Vectorized the Strings
When working with a text document, we need to vectorize the strings into a list of numbers so it’s easier and more efficient to process. We can use the TfidfVectorizer
class to vectorize the strings into a matrix of TF-IDF features.
from sklearn.feature_extraction.text import TfidfVectorizer
vectorizer = TfidfVectorizer(sublinear_tf = True, max_df = 0.5, stop_words = "english")
features_train_transformed = vectorizer.fit_transform(features_train)
features_test_transformed = vectorizer.transform(features_test)

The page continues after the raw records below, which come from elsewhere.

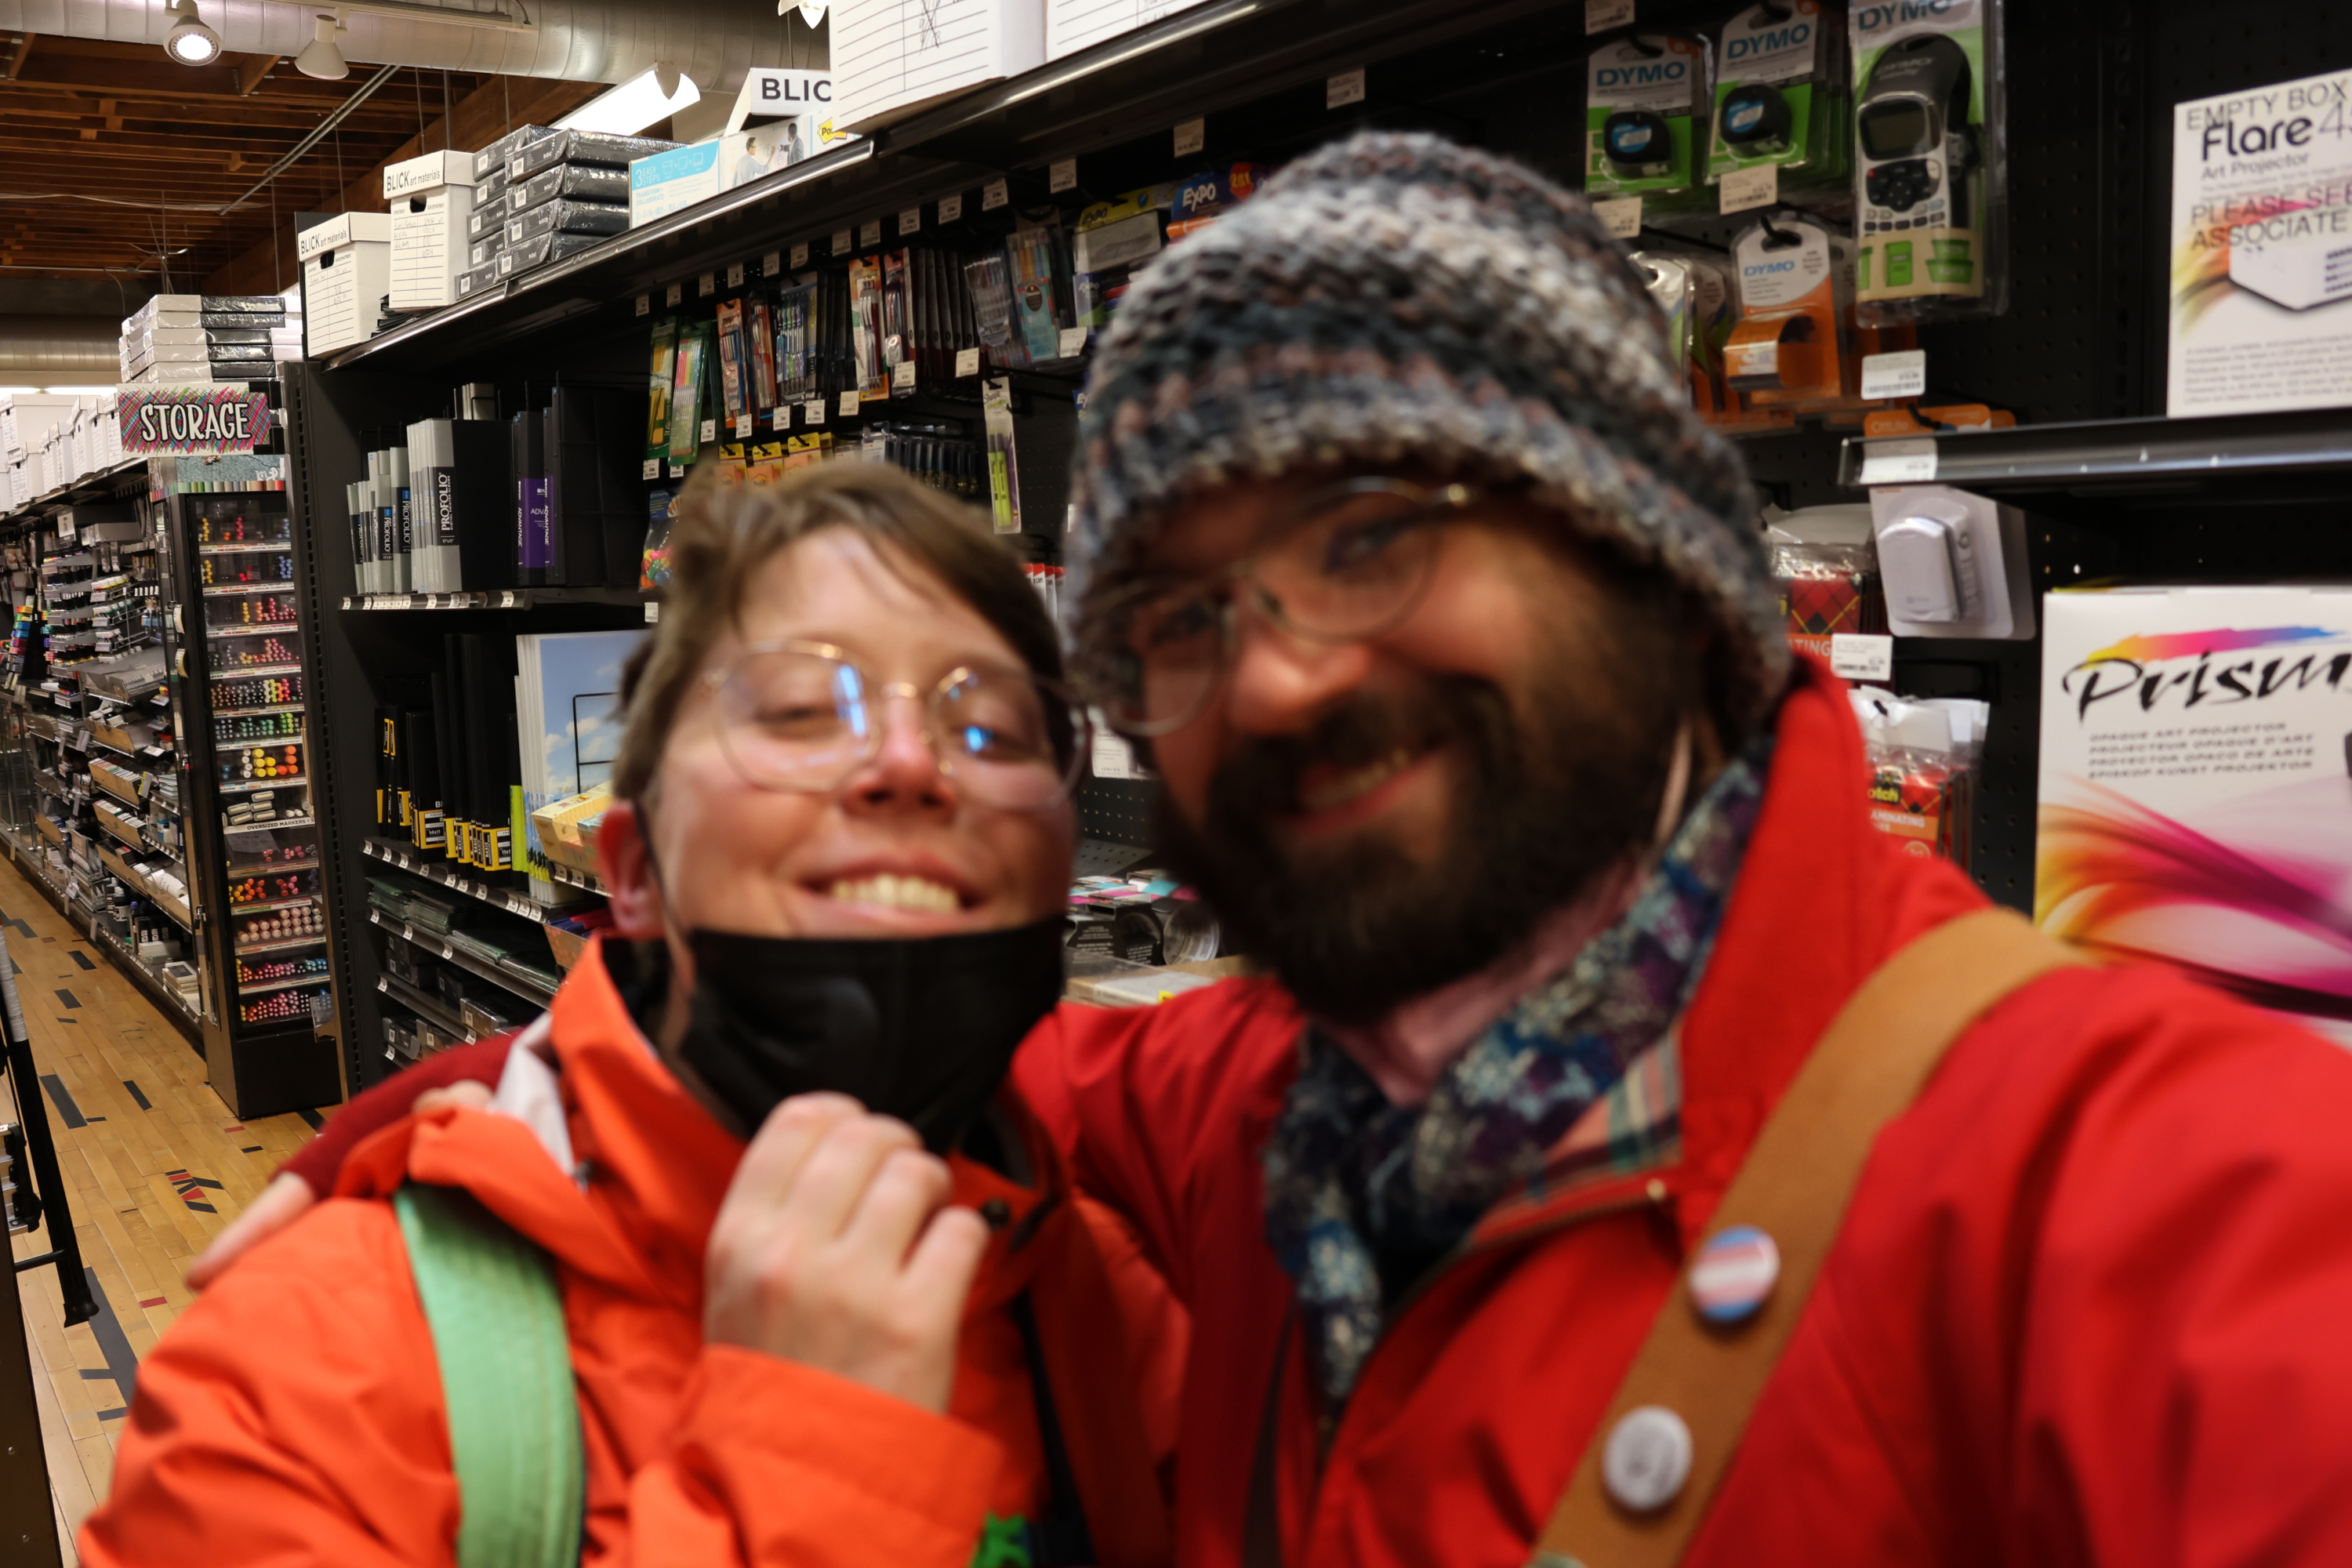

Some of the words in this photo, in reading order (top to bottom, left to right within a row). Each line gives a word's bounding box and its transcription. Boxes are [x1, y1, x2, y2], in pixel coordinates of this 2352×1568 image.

[1858, 0, 1952, 31] DYMO
[1726, 23, 1811, 60] DYMO
[1595, 61, 1686, 88] DYMO
[761, 78, 831, 103] BLIC
[2187, 93, 2279, 131] EMPTY
[2288, 78, 2348, 111] BOX
[2201, 114, 2312, 162] Flare
[636, 169, 643, 187] 3
[643, 165, 656, 177] EASY
[643, 174, 660, 186] STEPS
[2201, 165, 2225, 180] Art
[2230, 153, 2309, 175] Projector
[387, 170, 410, 192] BLICK
[418, 169, 440, 185] materials
[636, 188, 660, 198] TRANSFORM
[636, 194, 664, 206] COLLABORATE
[1182, 182, 1216, 212] EXPO
[2191, 194, 2286, 226] PLEASE
[300, 233, 321, 254] BLICK
[327, 230, 347, 244] materials
[2190, 209, 2348, 250] ASSOCIATE
[1744, 260, 1795, 277] DYMO
[140, 402, 252, 442] STORAGE
[438, 474, 451, 531] PROFOLIO
[402, 501, 411, 543] PROFOLIO
[2063, 649, 2352, 728] Prism
[2089, 731, 2148, 742] OPAQUE
[2156, 728, 2183, 739] ART
[2188, 721, 2286, 735] PROJECTOR
[2089, 741, 2188, 754] PROJECTEUR
[2193, 737, 2258, 749] OPAQUE
[2264, 733, 2313, 746] D'ART
[2089, 753, 2179, 767] PROYECTOR
[2184, 751, 2238, 762] OPACO
[2244, 750, 2265, 759] DE
[2273, 746, 2314, 757] ARTE
[2156, 765, 2207, 776] KUNST
[2212, 760, 2313, 772] PROJEKTOR

Word with a frequency higher than the max_df
will be ignored. Stop words are also ignored—stop words are the most common words in a language (e.g. a, the, has).
Feature Selection
Text can have a lot of features thus it may slow to compute. We can use scikit SelectPercentile
class to select only the important features.
selector = SelectPercentile(f_classif, percentile = 10)
selector.fit(features_train_transformed, labels_train)
selected_features_train_transformed = selector.transform(features_train_transformed).toarray()
selected_features_test_transformed = selector.transform(features_test_transformed).toarray()
The percentile
is the percentage of features that we’d like to select based on its highest score.